The Lumbini provincial authorities have advised people not to come out of their homes in the afternoon, take sufficient fluids and water to remain hydrated so as to avoid adverse effects of the scorching heat. Locals, however, complained that these suggestions are good only for those who can afford to stay at home.
“How is it possible for the poor to stay indoors when they have a family to feed,” said Brijesh Kumar Chaudhary, a local of Maharajgunj Rural Municipality in Kapilvastu. “It is easier said than done. No one asks us about our problems, but everyone has ready-made advice and suggestions.”
Health authorities in Lumbini Province said that temperature has risen all of sudden in the districts of Terai region of the Province.
“Extreme heat waves have not yet started, but if the temperature keeps rising we cannot rule out such a situation,” said Dr Pushpa Raj Poudel, spokesperson at the Ministry of Health and Population of the Lumbini Province. “We have also expected a rise in the number of people suffering from fever, dehydration, urine infections and heat stroke.”
Exposure to excessive heat usually results in headache, nausea, weakness, dizziness and fainting. Heat-related illnesses include heat stroke, heat exhaustion, heat cramps and heat syncope (fainting). Heat stroke is the most severe form of heat-related illness and requires immediate medical attention.

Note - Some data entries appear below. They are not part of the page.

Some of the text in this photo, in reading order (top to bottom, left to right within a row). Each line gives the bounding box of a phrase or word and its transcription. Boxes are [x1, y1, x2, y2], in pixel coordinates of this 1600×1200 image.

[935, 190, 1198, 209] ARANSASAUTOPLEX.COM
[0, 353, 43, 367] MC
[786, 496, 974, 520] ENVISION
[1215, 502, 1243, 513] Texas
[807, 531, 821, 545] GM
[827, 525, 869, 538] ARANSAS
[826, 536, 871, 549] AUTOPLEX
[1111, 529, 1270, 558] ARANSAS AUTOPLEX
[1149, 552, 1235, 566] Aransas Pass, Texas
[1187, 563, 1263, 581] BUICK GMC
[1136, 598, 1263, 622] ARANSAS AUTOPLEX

The provincial health ministry has directed the agencies concerned to prepare accordingly for any untoward situation that could be caused by rising temperatures.

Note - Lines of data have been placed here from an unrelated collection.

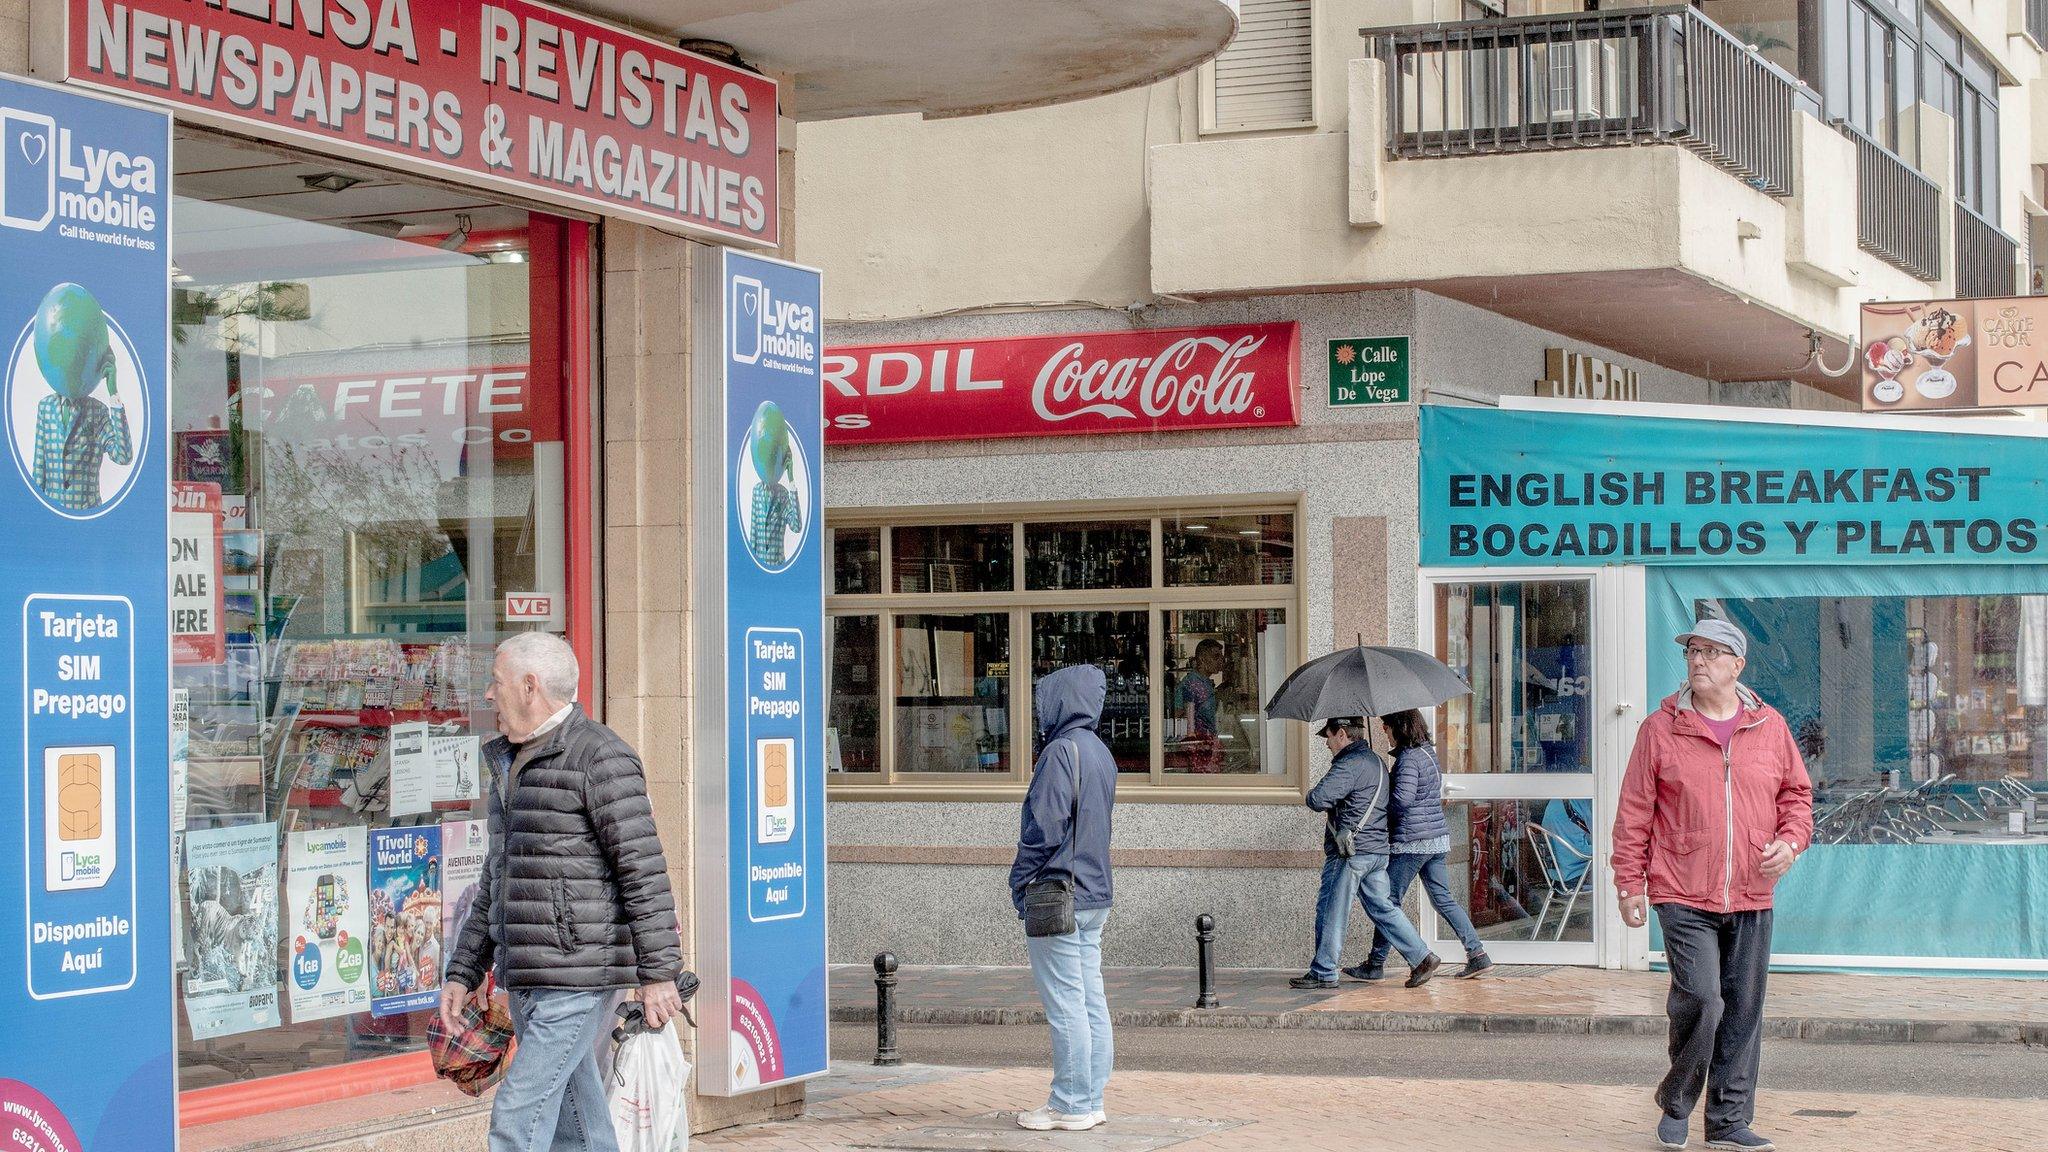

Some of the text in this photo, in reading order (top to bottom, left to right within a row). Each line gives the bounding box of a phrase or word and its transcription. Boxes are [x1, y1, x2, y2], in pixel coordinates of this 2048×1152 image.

[481, 3, 750, 156] REVISTAS
[87, 0, 766, 233] NEWSPAPERS & MAGAZINES
[59, 128, 156, 194] Lyca
[59, 191, 156, 231] mobile
[59, 224, 156, 251] Call the world for less
[763, 288, 814, 335] Lyca
[1981, 318, 2034, 333] CARTE
[763, 332, 814, 361] mobile
[1361, 346, 1398, 364] Calle
[1031, 334, 1267, 421] Coca-Cola
[1350, 369, 1386, 386] Lope
[1994, 361, 2048, 393] CA
[1337, 386, 1399, 404] De Vega
[1449, 467, 1991, 507] ENGLISH BREAKFAST
[1449, 517, 2038, 557] BOCADILLOS Y PLATOS
[173, 574, 207, 597] ALE
[512, 599, 548, 614] VG
[40, 611, 118, 643] Tarjeta
[172, 609, 208, 633] ERE
[754, 640, 796, 663] Tarjeta
[58, 654, 101, 681] SIM
[763, 671, 787, 691] SIM
[33, 688, 126, 719] Prepago
[751, 696, 800, 719] Prepago
[306, 839, 347, 853] Lycamobile
[377, 833, 412, 850] Tivoli
[75, 853, 101, 867] Lyca
[377, 849, 412, 865] World
[75, 865, 101, 876] mobile
[751, 862, 803, 883] Disponible
[765, 885, 789, 905] Aquí
[33, 915, 130, 945] Disponible
[61, 948, 104, 975] Aquí
[3, 1101, 71, 1152] www.lycamo
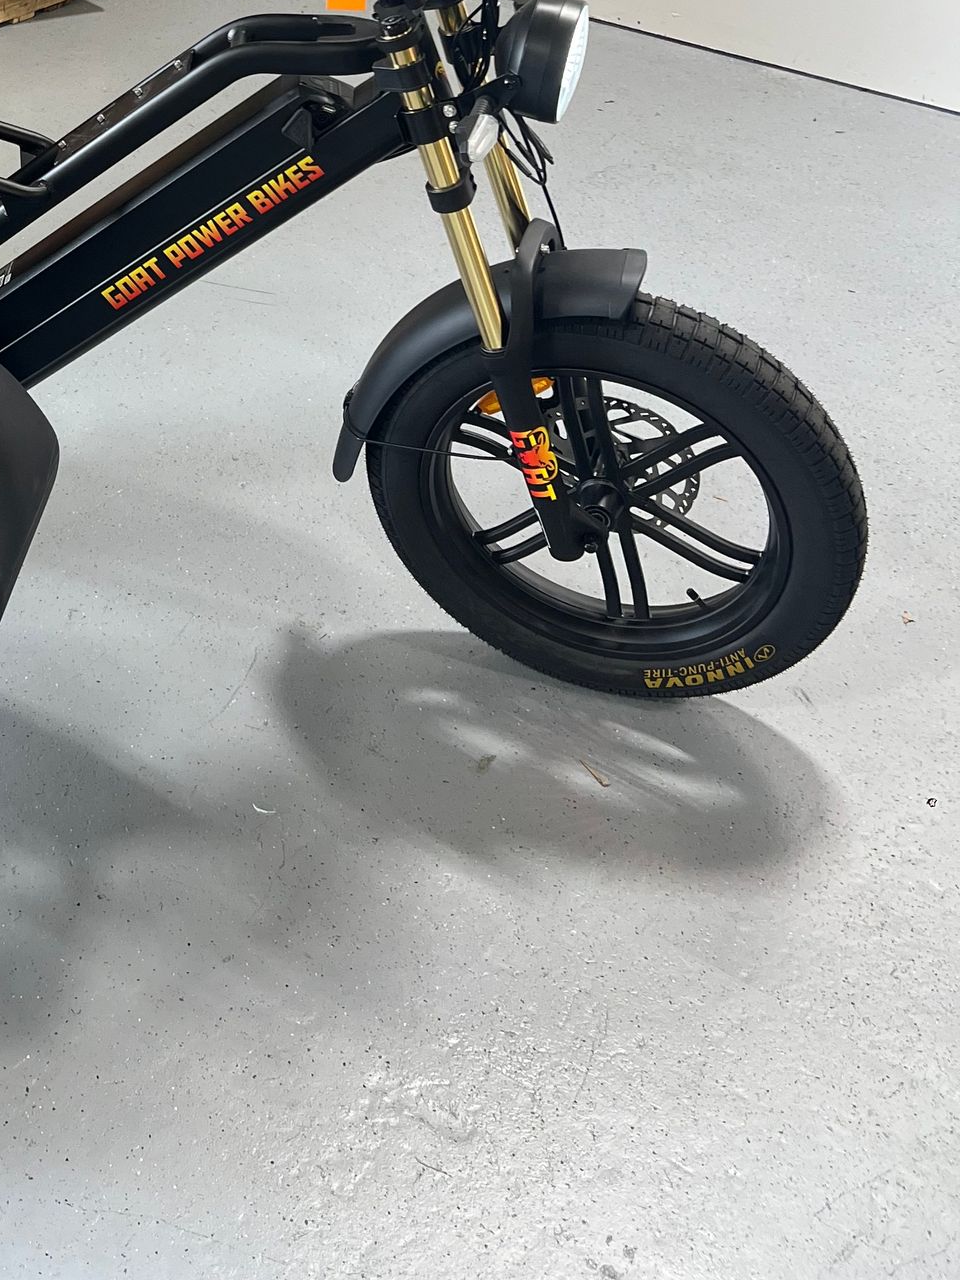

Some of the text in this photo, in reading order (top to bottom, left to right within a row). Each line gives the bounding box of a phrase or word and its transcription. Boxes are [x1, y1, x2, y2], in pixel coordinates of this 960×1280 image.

[101, 154, 326, 311] GOAT POWER BIKES
[643, 648, 746, 679] ANTI-PUNC-TIRE
[643, 656, 755, 689] INNOVA

The World Health Organisation said that heatwaves are among the most dangerous of natural hazards, but rarely receive adequate attention because their death toll and destruction are not always immediately obvious.

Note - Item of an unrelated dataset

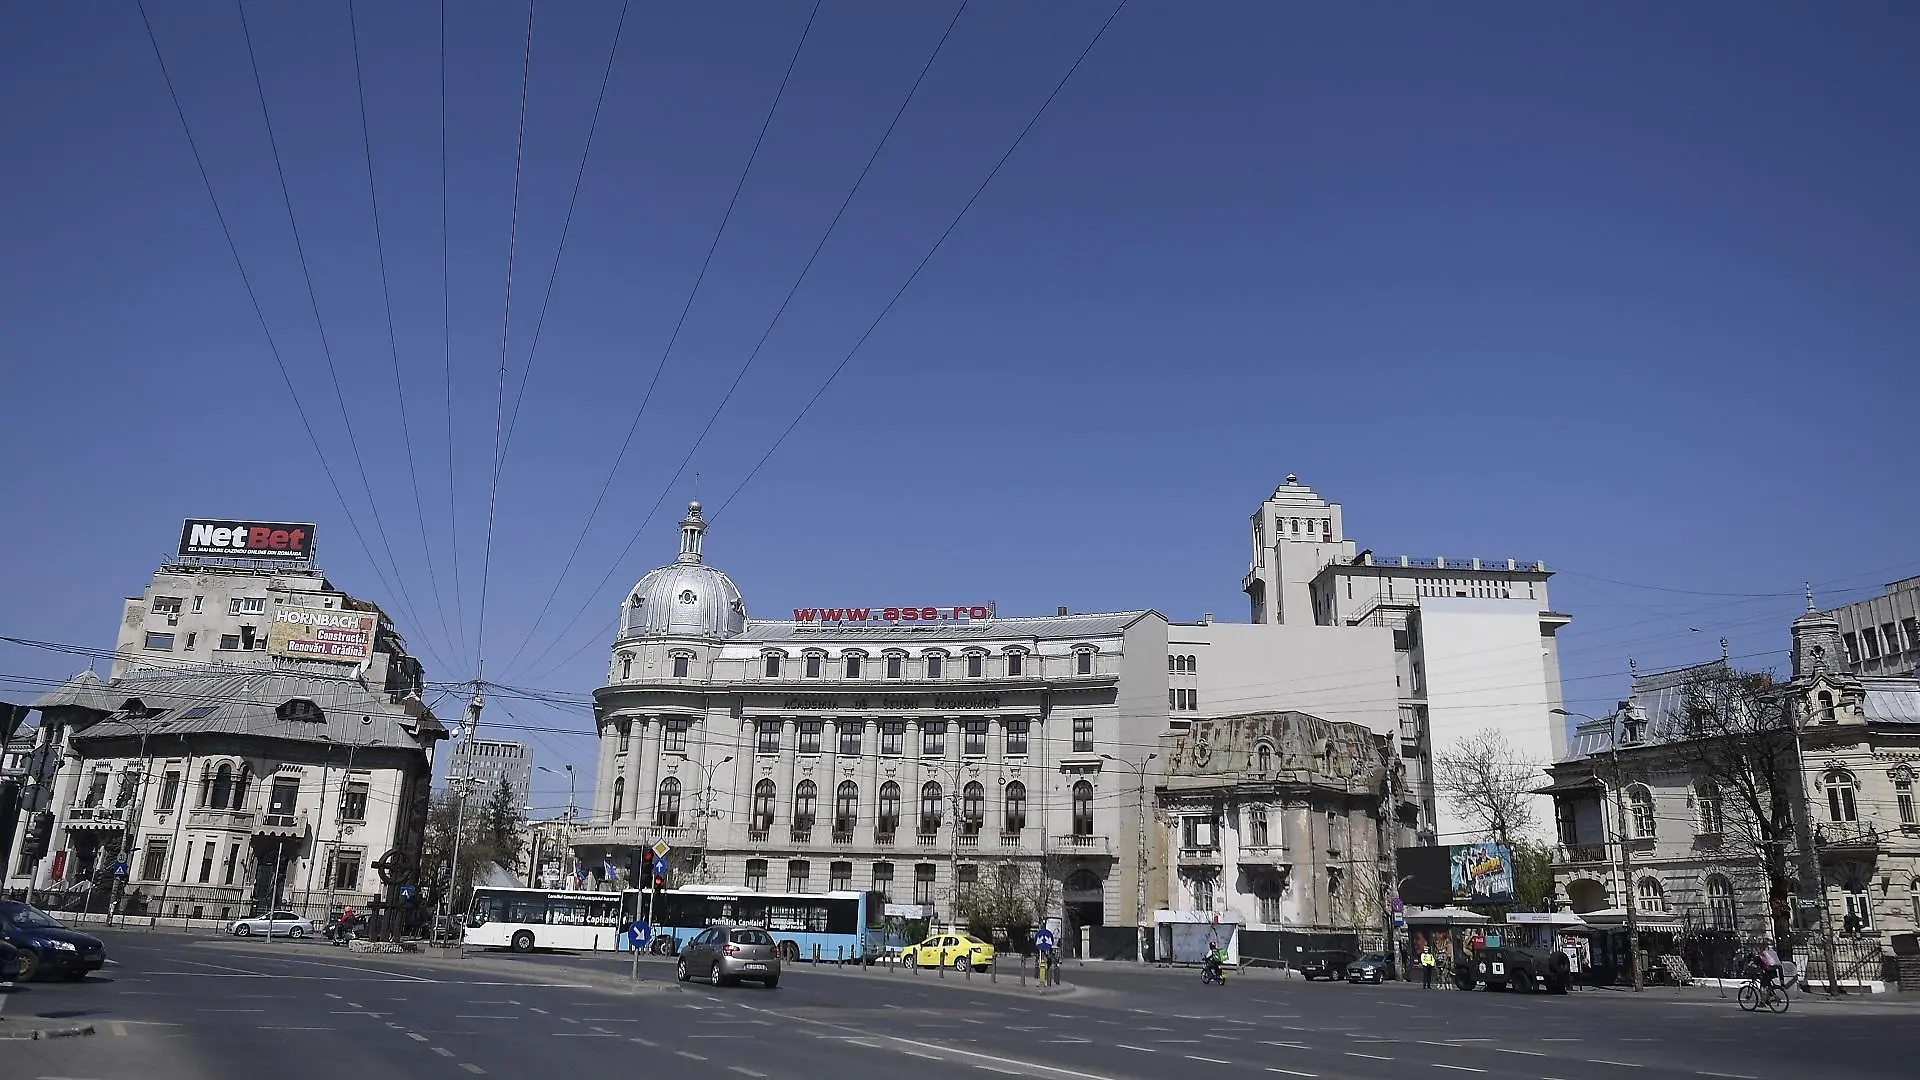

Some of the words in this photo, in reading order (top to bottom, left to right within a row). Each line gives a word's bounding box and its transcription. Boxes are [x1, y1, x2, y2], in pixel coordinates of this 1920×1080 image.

People’s exposure to heat is increasing due to climate change. Globally, extreme temperature events are observed to be increasing in their frequency, duration and magnitude, according to the UN health body.
Climate scientists blamed the impact of climate change for early onset and intense summer.
The average annual maximum temperature of Nepal has risen by 0.056 degrees Celsius, according to a study conducted by the Department of Hydrology and Meteorology (DOHM) in 2017.
The study shows most districts have witnessed increasing temperatures annually.
“Extreme climatic events including low rainfall, excessive rainfall, flooding, and prolonged drought fuelled by erratic weather patterns have become more pronounced and frequent of late,” said Raju Pandit Chhetri, director of the Prakriti Resources Centre, which advocates environment-friendly policies and development practices. “And as usual, the approach of the authorities concerned are reactive. Unless we change our approach from reactive to proactive, we will have to continuously bear the brunt of extreme weather related effects.”
Currently, many places throughout the country have been witnessing smoke and haze caused by massive forest fires. Experts say forest fires are neither a new phenomenon nor unexpected in the country.
“When winter rainfall did not happen, it was known that incidents of forest fires would increase, but we did not take mitigation measures,” said Pandit. “Multiple problems will arise from the scorching heat in the Tarai, which is also the food basket of the country, but no one appears to be concerned about minimising the adverse impacts.”